Sure you like to read books–in fact at times you enjoy reading them more than living in the real world–but liking a good story, craving a world written of imagination is different from actually creating one, right? Surely a writer is born, calluses on fore and third fingers, and not made? Not necessarily. American master bard Walt Whitman didn’t produce his masterpiece Leaves of Grass until age 35–and nobody has yet figured where his genius came from, near ready-made. Here are seven signs you might be harbouring a fugitive author inside, a writer hidden and desperate for escapism.

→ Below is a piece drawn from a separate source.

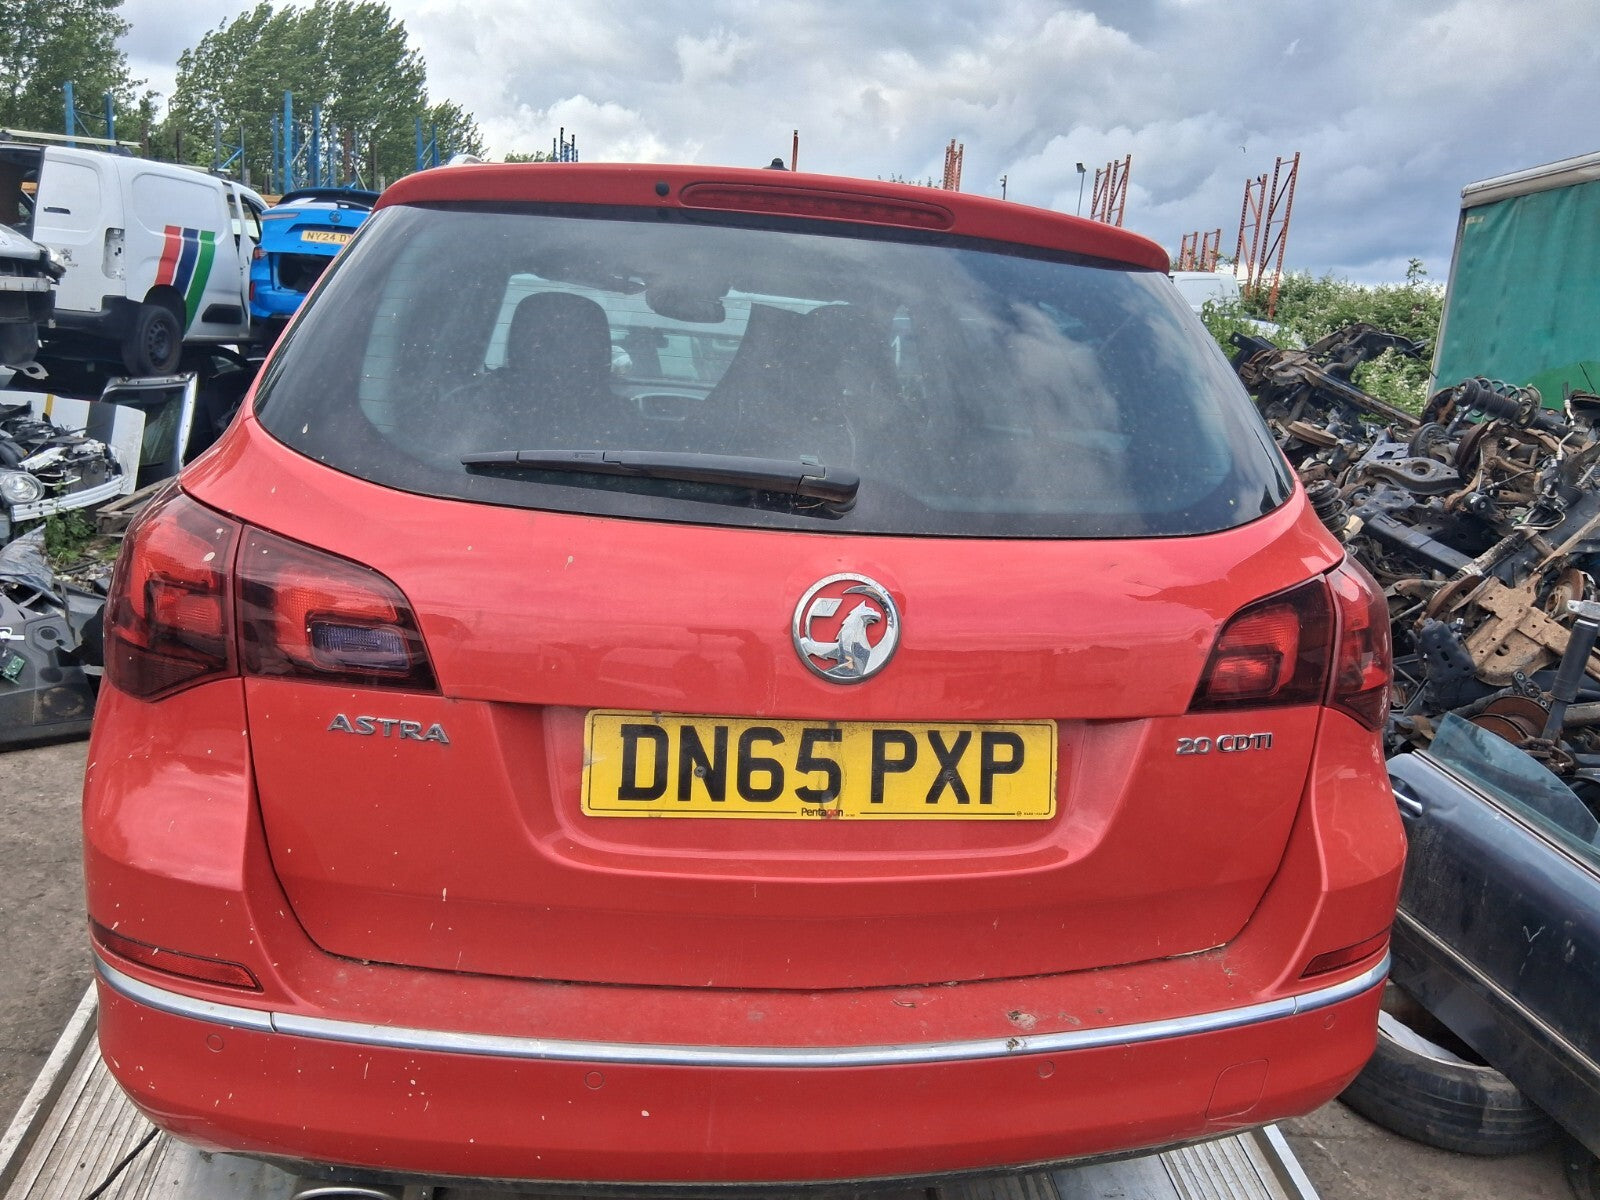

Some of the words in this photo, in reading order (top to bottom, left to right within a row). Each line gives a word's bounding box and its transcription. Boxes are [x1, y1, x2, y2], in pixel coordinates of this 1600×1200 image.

1. You really like books. I mean really. You read under the covers as a child, not to mention in the car, on the bus, even heaven forbid at lunch while others played. More than just a borderline literary obsession, yours was the sad ennui that life in the real world could never reach the same heights as on the page. Maybe your true direction in life is to be found in perfectly kerned type. Maybe there you will reach your true heights.

2. As an adult you often avoid reading. Not because you’ve grown out of it, but because your standards in reading continue to grow, and frankly, you’ve been let down one time too many by a poorly written book; you’re just too good a reader for writing that is below you. A writer stuck in the closet is guaranteed to have higher standards than most; perhaps it is time for you to wear the shirt that fits.

3. It’s a cliché–but fiction is the home of clichés so read on–you can name the books that changed your life, whose well-crafted, compelling truths and hidden insights helped you to see the world in different ways, yourself as well. Maybe you have a written truth to offer the world of your own.

4. You often tell others of the faults in what you are reading, how you think a novel could be written better. You intuitively know what makes good writing, know whether an author has something to say before you’ve half-travailed the page. You would write books reviews if only you were a writer you sadly exclaim. Well maybe you should–pick up a pen and you are.

5. When you read words you hear the voice of the author inside you–in fact yours is the long held belief that somehow you know the authors whose work you have read, although you have never met. Maybe you actually do. Writing, like other forms of art, is a bridge between the author and reader, and poet, artist, and meditation teacher Sri Chinmoy writes that if we are aware of this bridge, we can not only enter into the work of a writer, but also acquire their capacity:

“When you want to create something, you want to invoke beauty to inspire you. So at that time, you have to identify yourself with someone who is creating. You want to do something unique, but the type of thing that you want to do somebody has already done or is doing. Only you want to surpass him. So try to identify yourself with the consciousness of the person who has already done the thing or with the person himself, and try to get inspiration, aspiration and capacity from him. If you want to write something spiritual, read my writings and identify with them. If you want to draw something, take your ideal artist and identify with his creation.”[1]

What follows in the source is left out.